If you create any journal entries manually, you must also accept their batches manually. You will typically do this on a daily or weekly basis.

Hint: Before you accept a set of manual journal entries, you can edit or even delete them, if necessary. General Ledger also allows you to save entries that are out of balance (debits do not equal credits). You can return later to edit the entries to put them in balance, at which time you can accept them.

All batches of journal entries created by the other WinTen² financial management programs are accepted automatically. You do not accept them manually, and you can never edit them in the General Ledger program.

Reporting

General Ledger’s reporting features allow you to run financial statements and other reports based on accepted transactions, unaccepted transactions, or both.

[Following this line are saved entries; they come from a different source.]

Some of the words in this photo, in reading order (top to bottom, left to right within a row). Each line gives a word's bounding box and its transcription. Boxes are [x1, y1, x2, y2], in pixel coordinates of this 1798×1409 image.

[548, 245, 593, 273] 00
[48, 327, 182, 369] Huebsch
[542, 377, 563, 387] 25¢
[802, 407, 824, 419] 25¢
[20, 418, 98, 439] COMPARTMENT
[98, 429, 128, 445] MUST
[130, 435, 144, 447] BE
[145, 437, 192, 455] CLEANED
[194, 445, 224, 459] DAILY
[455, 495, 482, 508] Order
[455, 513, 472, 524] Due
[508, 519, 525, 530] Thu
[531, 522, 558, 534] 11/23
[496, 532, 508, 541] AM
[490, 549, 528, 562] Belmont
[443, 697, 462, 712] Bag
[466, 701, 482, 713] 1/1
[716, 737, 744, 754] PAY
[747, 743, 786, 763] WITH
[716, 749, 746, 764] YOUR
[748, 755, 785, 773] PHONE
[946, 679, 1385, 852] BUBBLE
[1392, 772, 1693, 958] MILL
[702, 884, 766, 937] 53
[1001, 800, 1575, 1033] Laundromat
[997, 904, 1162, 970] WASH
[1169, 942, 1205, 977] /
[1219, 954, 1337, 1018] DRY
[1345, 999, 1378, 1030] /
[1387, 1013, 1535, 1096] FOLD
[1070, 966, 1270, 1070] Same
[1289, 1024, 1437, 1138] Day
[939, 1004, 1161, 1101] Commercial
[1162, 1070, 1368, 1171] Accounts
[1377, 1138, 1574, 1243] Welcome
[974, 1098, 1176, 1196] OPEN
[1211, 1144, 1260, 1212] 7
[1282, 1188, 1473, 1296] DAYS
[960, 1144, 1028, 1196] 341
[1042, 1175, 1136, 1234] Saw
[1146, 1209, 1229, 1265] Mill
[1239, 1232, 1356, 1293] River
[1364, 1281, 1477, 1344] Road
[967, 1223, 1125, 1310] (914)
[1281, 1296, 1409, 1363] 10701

You will prepare various financial statements on a regular basis, usually monthly. The most common are the revenue statement and balance sheet, but the program also has many other reports built into it, including budget comparisons, prior-year comparisons, grant reports, and various HUD reports. General Ledger’s Financial Report Writer feature also allows you to create custom financial reports quickly and easily.

Fiscal Periods/Years

At various times, you will close fiscal periods (months) and fiscal years. The General Ledger program closes fiscal periods and years per fund. Closing a period or year for a fund means you can no longer add, edit, or approve any transactions for that period or year for that fund. (You can close some funds while leaving other funds open for the same periods or years. Different funds can also end their fiscal years at different times.)

You should close fiscal periods on a regular basis, but the General Ledger program gives you great flexibility in choosing when to do this. The program requires only that you close all of a fund’s periods for a fiscal year before you can close that year for that fund. All of your financial statements will report correctly, based on transaction dates, regardless of whether the corresponding periods are open or closed.

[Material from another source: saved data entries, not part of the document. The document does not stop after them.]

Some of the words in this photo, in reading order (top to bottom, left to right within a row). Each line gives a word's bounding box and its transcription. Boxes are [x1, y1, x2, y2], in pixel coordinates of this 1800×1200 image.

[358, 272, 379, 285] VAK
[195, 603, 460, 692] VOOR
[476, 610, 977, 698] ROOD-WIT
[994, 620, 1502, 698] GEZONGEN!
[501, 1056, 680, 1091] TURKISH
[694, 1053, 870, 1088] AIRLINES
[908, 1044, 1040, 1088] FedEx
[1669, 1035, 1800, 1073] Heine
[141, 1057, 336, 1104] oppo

As a matter of policy, most agencies close a fiscal year for a fund before their auditors review the records for that year, although the General Ledger program itself does not require it. The program requires only that you close a fund’s fiscal year before you can close any fiscal period in the next fiscal year for that fund.

During the closing process for a fiscal year, you will generate and verify that year’s final financial statements. (If necessary, you will make correcting journal entries and then re-run the final financials.) You will then close any open fiscal periods for the year. Next, you will generate closing entries to consolidate the balances of most of the fund’s revenue and expenditure accounts into your retained earnings account. This allows the fund to begin the new fiscal year with zero revenue and expenditures. Finally, you will close the year itself.

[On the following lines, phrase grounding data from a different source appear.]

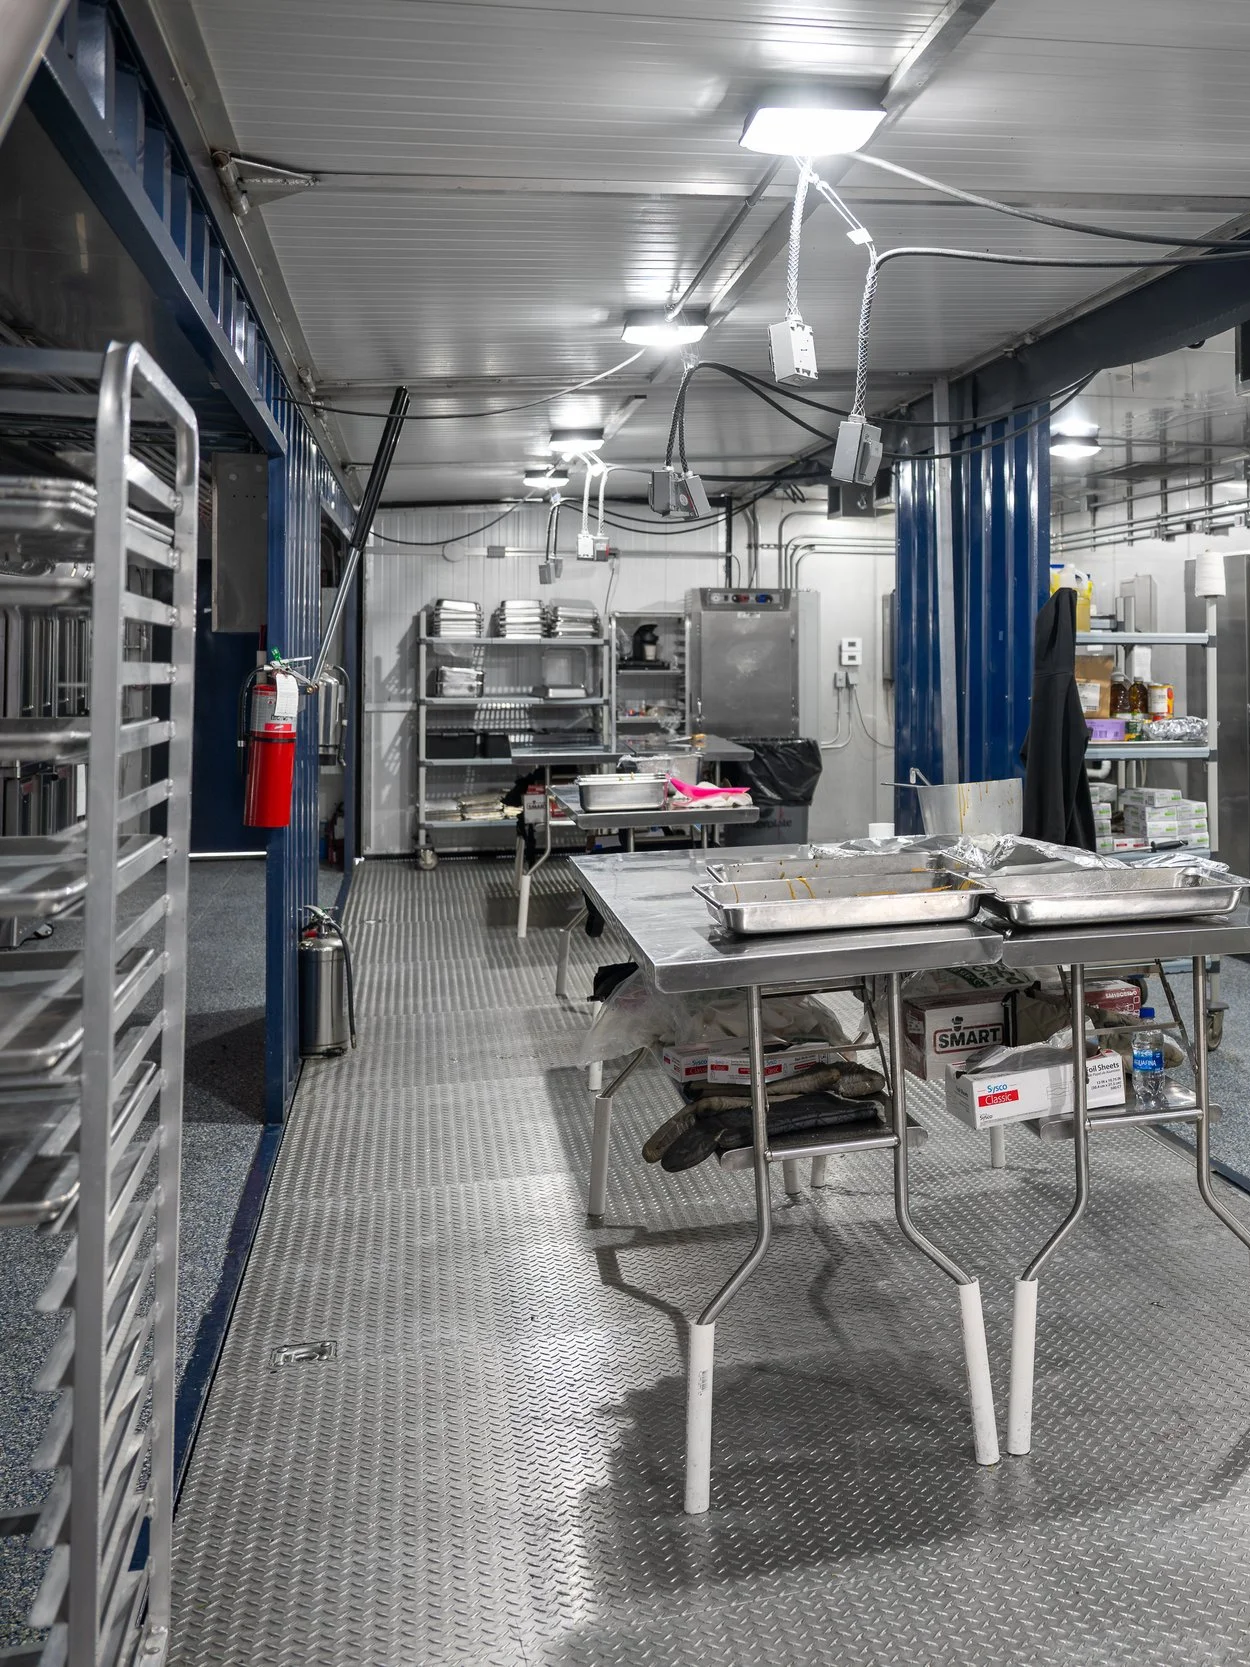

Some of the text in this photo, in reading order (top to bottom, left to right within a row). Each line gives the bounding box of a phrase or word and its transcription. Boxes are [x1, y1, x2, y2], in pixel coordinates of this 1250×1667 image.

[938, 1028, 1000, 1048] SMART
[1097, 1063, 1119, 1071] Sheets
[987, 1083, 1008, 1093] Sysco
[985, 1092, 1013, 1105] Classic
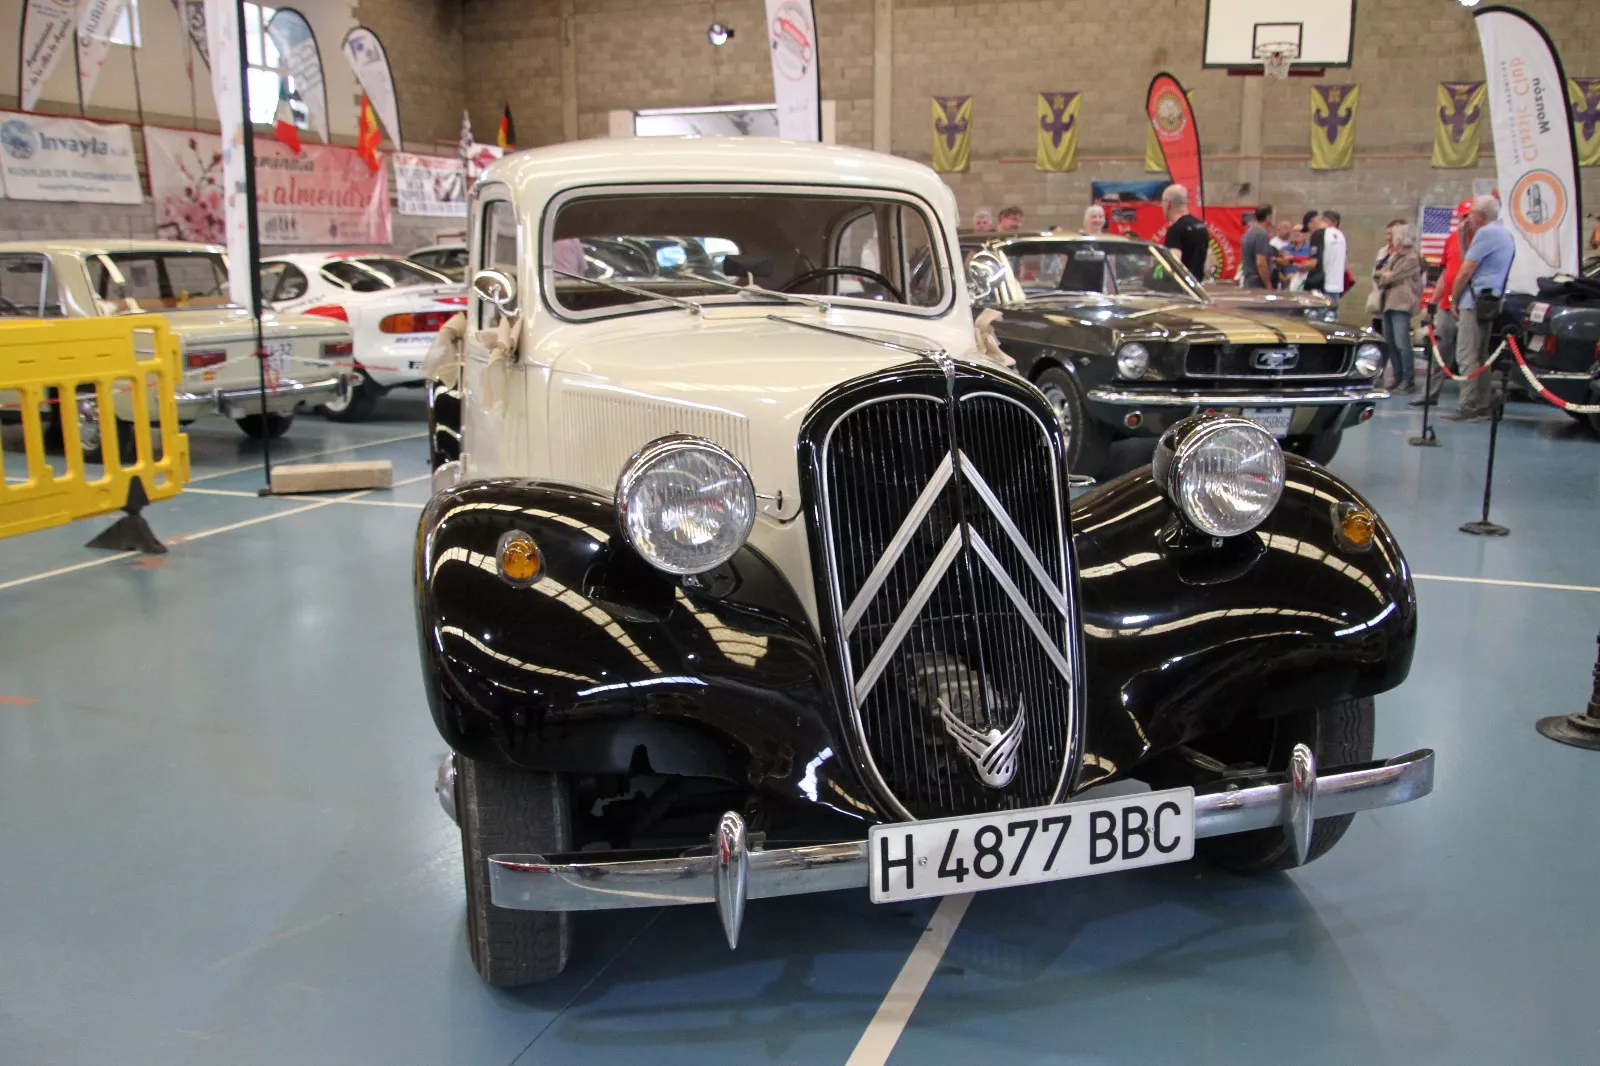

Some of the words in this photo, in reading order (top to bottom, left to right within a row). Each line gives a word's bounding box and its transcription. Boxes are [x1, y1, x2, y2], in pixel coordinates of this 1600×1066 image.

[39, 132, 108, 158] Invayla
[880, 834, 914, 892] H
[937, 814, 1073, 883] 4877
[1090, 801, 1181, 865] BBC

After you have closed a fund’s fiscal year, you will open the next fiscal year. To do so, you will first prepare the program records General Ledger requires to support the new year. You will then open the fund’s new fiscal year for budgeting and, finally, for entering transactions.

Audit

You will periodically open your books to internal auditors, who verify accuracy, completeness, and compliance with your agency’s policies, and to external auditors, who verify compliance with HUD, IRS, and other regulations.